Materials provided
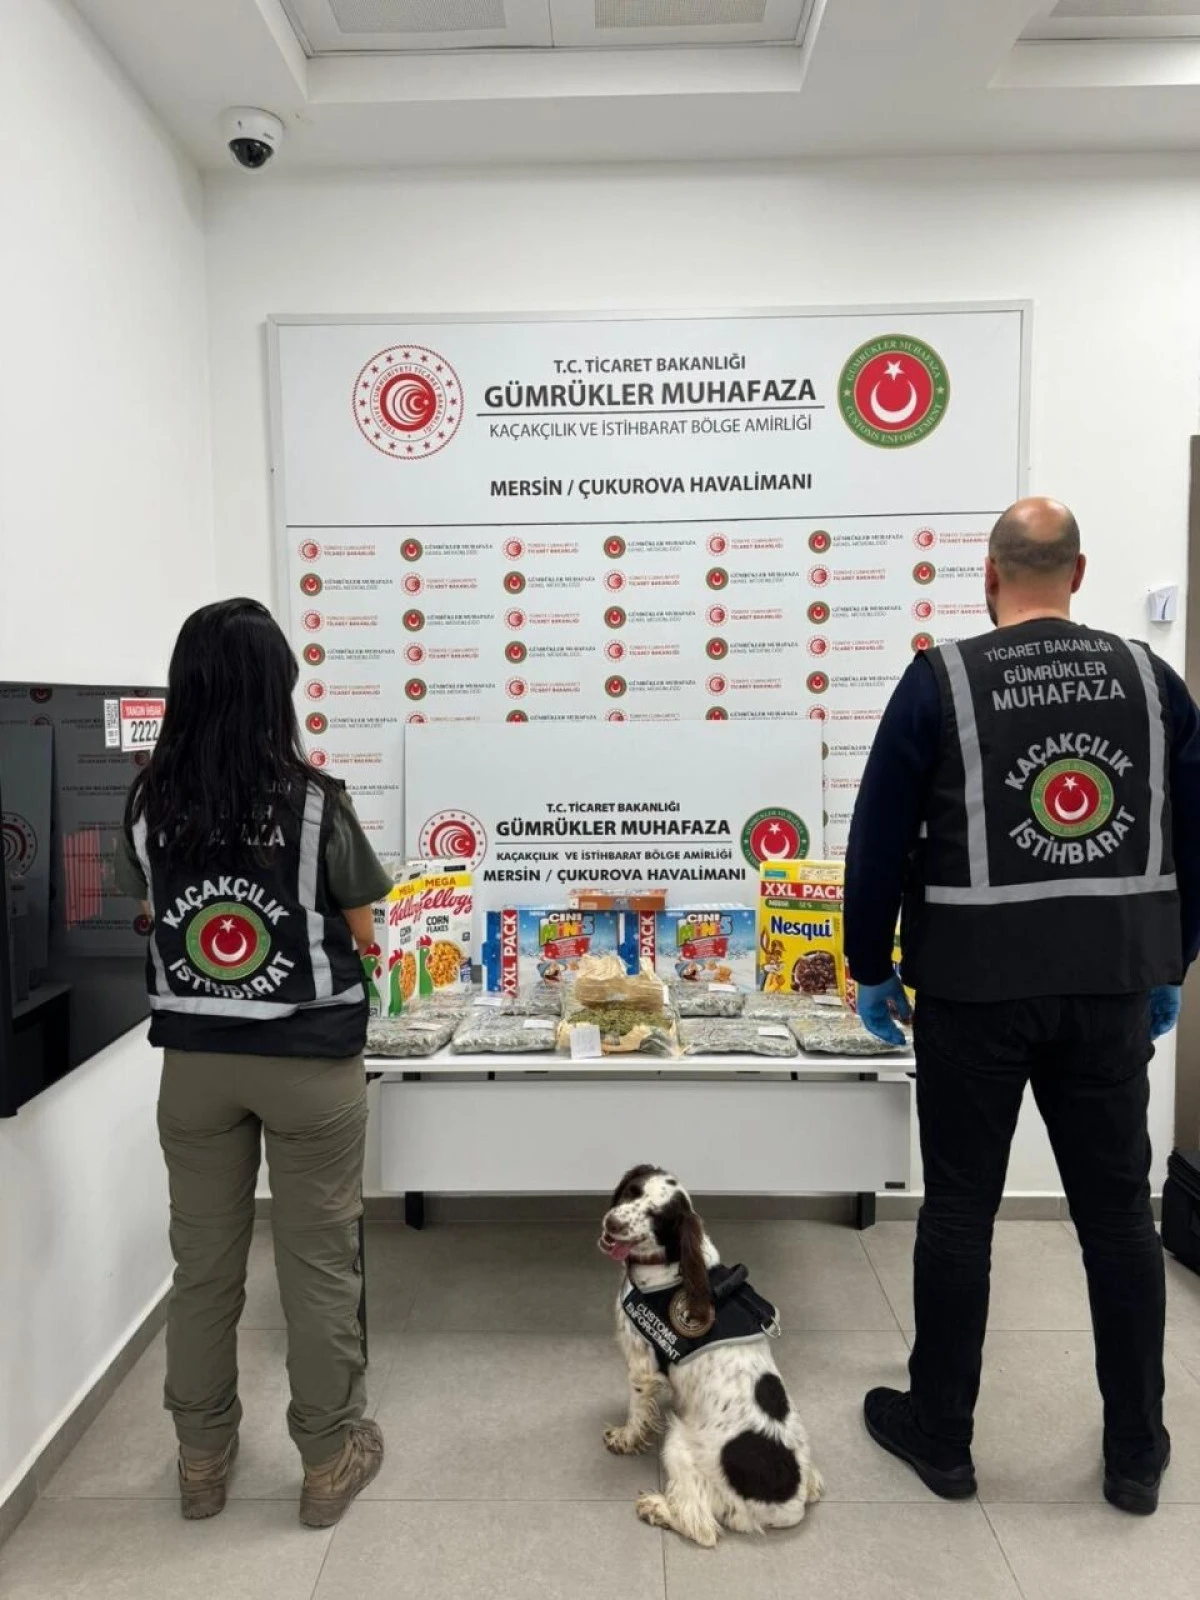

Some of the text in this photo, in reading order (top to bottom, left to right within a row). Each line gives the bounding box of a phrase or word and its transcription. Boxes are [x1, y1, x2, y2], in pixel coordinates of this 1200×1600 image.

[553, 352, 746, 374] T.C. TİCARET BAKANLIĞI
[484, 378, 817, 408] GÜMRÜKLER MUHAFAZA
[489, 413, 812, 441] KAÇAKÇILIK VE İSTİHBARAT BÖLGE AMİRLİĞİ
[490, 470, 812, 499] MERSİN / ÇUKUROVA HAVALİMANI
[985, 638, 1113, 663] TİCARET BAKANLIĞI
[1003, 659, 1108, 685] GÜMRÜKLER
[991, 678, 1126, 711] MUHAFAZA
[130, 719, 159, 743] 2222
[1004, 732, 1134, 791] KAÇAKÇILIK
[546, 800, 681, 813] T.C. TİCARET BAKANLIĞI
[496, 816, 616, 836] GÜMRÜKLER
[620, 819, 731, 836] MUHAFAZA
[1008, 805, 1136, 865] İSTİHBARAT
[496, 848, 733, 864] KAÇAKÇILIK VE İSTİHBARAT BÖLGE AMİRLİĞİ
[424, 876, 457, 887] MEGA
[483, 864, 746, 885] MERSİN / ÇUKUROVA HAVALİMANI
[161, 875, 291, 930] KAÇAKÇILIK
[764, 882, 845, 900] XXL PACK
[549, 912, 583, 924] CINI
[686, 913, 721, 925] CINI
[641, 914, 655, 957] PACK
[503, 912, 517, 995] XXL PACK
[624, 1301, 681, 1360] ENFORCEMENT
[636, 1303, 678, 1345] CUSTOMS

Work item
From the first line to the last, write out the data exactly, omitting any pictures.

Completed task
Some of the text in this photo, in reading order (top to bottom, left to right within a row). Each line gives the bounding box of a phrase or word and its transcription. Boxes are [x1, y1, x2, y2], in pixel coordinates of this 1200×1600 image.

[553, 352, 746, 374] T.C. TİCARET BAKANLIĞI
[484, 378, 817, 408] GÜMRÜKLER MUHAFAZA
[489, 413, 812, 441] KAÇAKÇILIK VE İSTİHBARAT BÖLGE AMİRLİĞİ
[490, 470, 812, 499] MERSİN / ÇUKUROVA HAVALİMANI
[985, 638, 1113, 663] TİCARET BAKANLIĞI
[1003, 659, 1108, 685] GÜMRÜKLER
[991, 678, 1126, 711] MUHAFAZA
[130, 719, 159, 743] 2222
[1004, 732, 1134, 791] KAÇAKÇILIK
[546, 800, 681, 813] T.C. TİCARET BAKANLIĞI
[496, 816, 616, 836] GÜMRÜKLER
[620, 819, 731, 836] MUHAFAZA
[1008, 805, 1136, 865] İSTİHBARAT
[496, 848, 733, 864] KAÇAKÇILIK VE İSTİHBARAT BÖLGE AMİRLİĞİ
[424, 876, 457, 887] MEGA
[483, 864, 746, 885] MERSİN / ÇUKUROVA HAVALİMANI
[161, 875, 291, 930] KAÇAKÇILIK
[764, 882, 845, 900] XXL PACK
[549, 912, 583, 924] CINI
[686, 913, 721, 925] CINI
[641, 914, 655, 957] PACK
[503, 912, 517, 995] XXL PACK
[624, 1301, 681, 1360] ENFORCEMENT
[636, 1303, 678, 1345] CUSTOMS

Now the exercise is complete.